Так что мне оставалось лишь гадать, что сталось с моим другом, у которого были такие хрупкие косточки.
Глава 10
П. Освальд Бун, четырехсотфунтовый обладатель черного кулинарного пояса, вдетого в белоснежную пижаму, которого я только-только разбудил, передвигался с грациозностью и быстротой мастера дзюдо, готовя завтрак на просторной кухне своего дома.
Иногда его вес пугает меня, я тревожусь из-за нагрузки, которой подвергается его сердце. Но когда он готовит, то кажется невесомым, летает, а не ходит, как неподвластные гравитации воины в фильме «Крадущийся тигр, затаившийся дракон», хотя я ни разу не видел, как он перепархивает через центральную стойку.
Глядя на него в то февральское утро, я думал о том, что да, он проводит жизнь, убивая себя огромным количеством поглощаемой им еды, но, с другой стороны, он мог давно умереть, если бы не находил радость и убежище в еде. Каждая жизнь сложна, каждый разум — царство неразгаданных тайн, а в разуме Оззи их больше, чем у большинства.

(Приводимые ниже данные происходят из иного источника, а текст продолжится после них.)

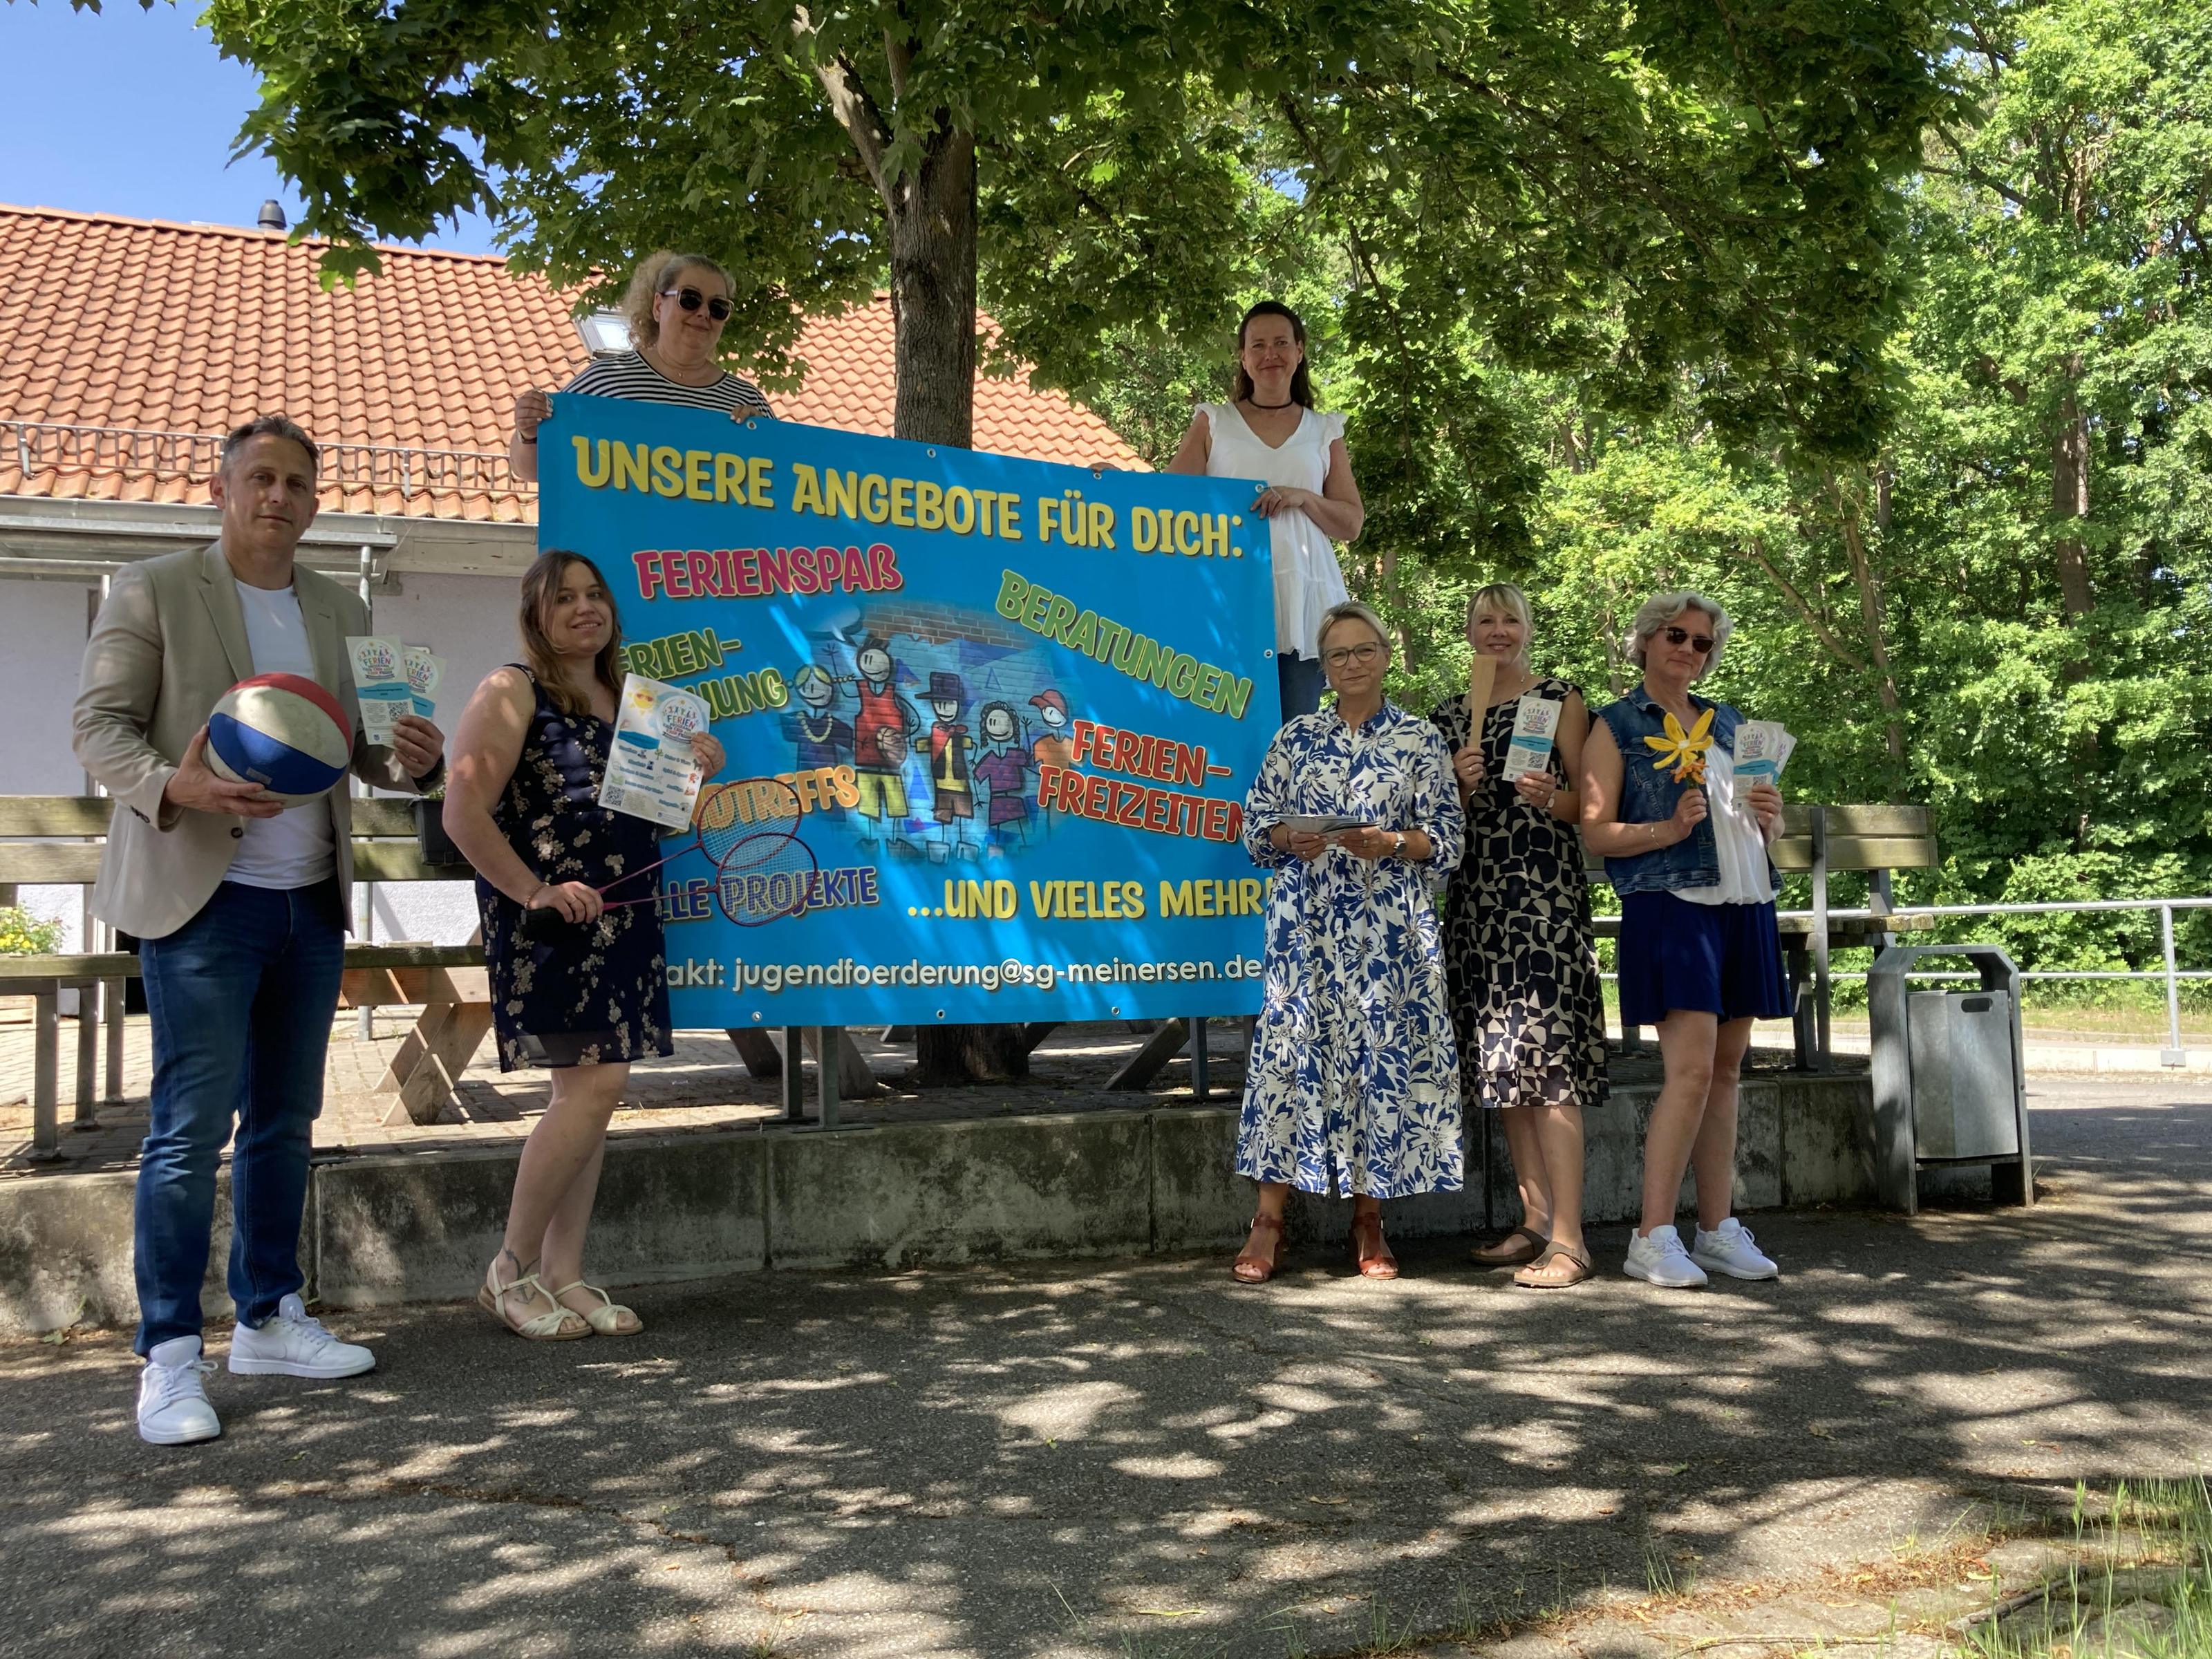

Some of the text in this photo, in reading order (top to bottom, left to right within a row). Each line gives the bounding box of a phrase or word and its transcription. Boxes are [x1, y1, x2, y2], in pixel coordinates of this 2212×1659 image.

Хотя он никогда не рассказывает об этом, я знаю, что детство у него было трудным, что родители разбили ему сердце. Книги и избыточный вес — его защита против боли.
Он — писатель, в его активе две пользующиеся успехом детективные серии и множество документальных книг. Пишет он так много, что я не удивлюсь, если настанет день, когда все его книги, положенные в одном экземпляре на чашку весов, перевесят его самого, вставшего на другую чашку.
Поскольку он убедил меня, что писательство — эффективный метод психической химиотерапии в борьбе с психологическими опухолями, я написал свою подлинную историю о потерях и выживании… и положил ее в ящик комода, обретя умиротворенность, если не счастье. К ужасу Оззи, я сказал ему, что с писательством покончено.
Когда говорил, сам в это верил. Но вот сижу, покрываю словами бумагу, выступаю в роли собственного психологического онколога.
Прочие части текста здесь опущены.